WHAT YOU WILL DO
Each entry that follows is to be retyped exactly. Pictures do not belong in the copy.
........
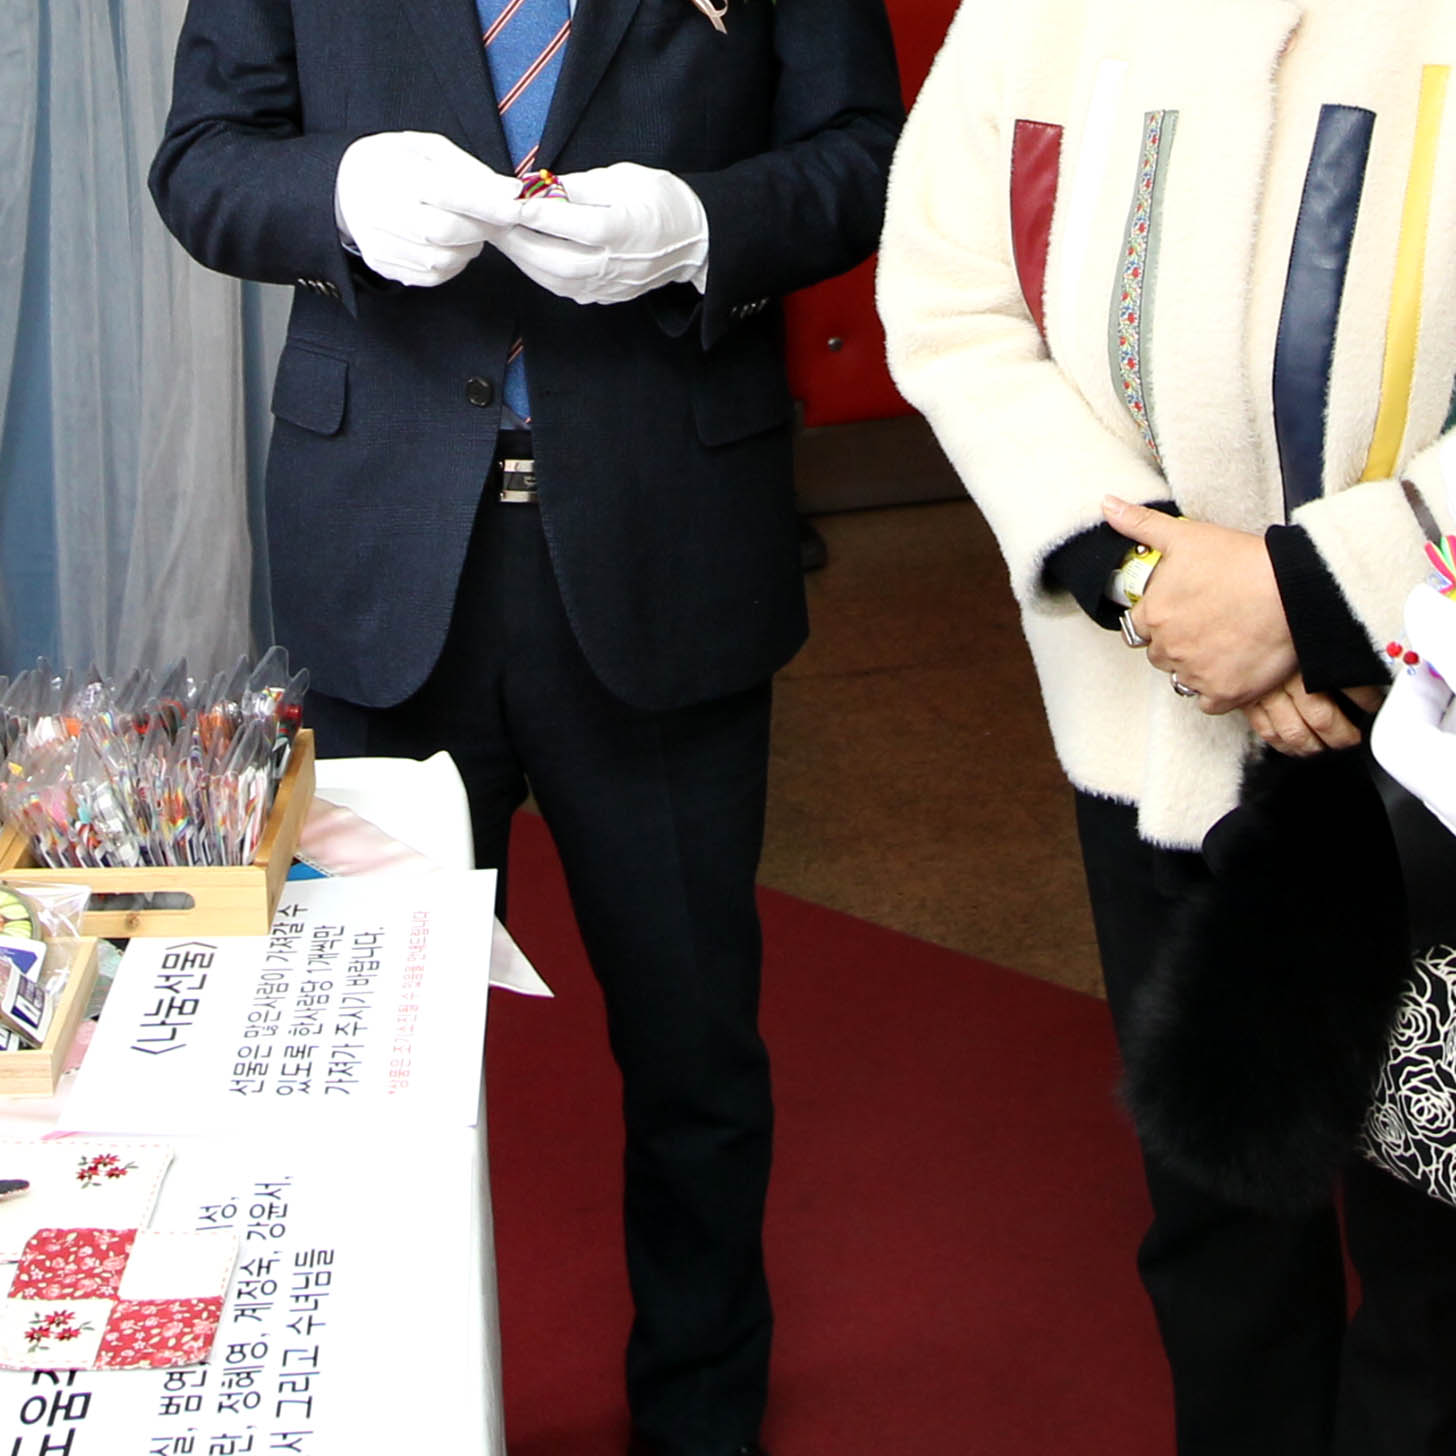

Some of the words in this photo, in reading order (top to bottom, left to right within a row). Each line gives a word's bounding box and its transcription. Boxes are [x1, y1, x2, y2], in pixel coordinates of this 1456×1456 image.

[277, 904, 308, 917] 수
[266, 922, 305, 962] 가져갈
[345, 927, 386, 987] 바랍니다.
[288, 980, 333, 1036] 한사람당
[334, 992, 375, 1037] 주시기
[229, 1045, 273, 1095] 선물은
[276, 1044, 319, 1095] 있도록
[324, 1044, 365, 1095] 가져가
[247, 1176, 292, 1240] 강윤서,
[233, 1250, 284, 1323] 계정숙,
[286, 1249, 335, 1336] 수녀님들
[218, 1333, 270, 1413] 정혜영,
[275, 1345, 321, 1419] 그리고
........
COMPLETED TASK
Some of the words in this photo, in reading order (top to bottom, left to right within a row). Each line gives a word's bounding box and its transcription. Boxes are [x1, y1, x2, y2], in pixel coordinates of this 1456×1456 image.

[277, 904, 308, 917] 수
[266, 922, 305, 962] 가져갈
[345, 927, 386, 987] 바랍니다.
[288, 980, 333, 1036] 한사람당
[334, 992, 375, 1037] 주시기
[229, 1045, 273, 1095] 선물은
[276, 1044, 319, 1095] 있도록
[324, 1044, 365, 1095] 가져가
[247, 1176, 292, 1240] 강윤서,
[233, 1250, 284, 1323] 계정숙,
[286, 1249, 335, 1336] 수녀님들
[218, 1333, 270, 1413] 정혜영,
[275, 1345, 321, 1419] 그리고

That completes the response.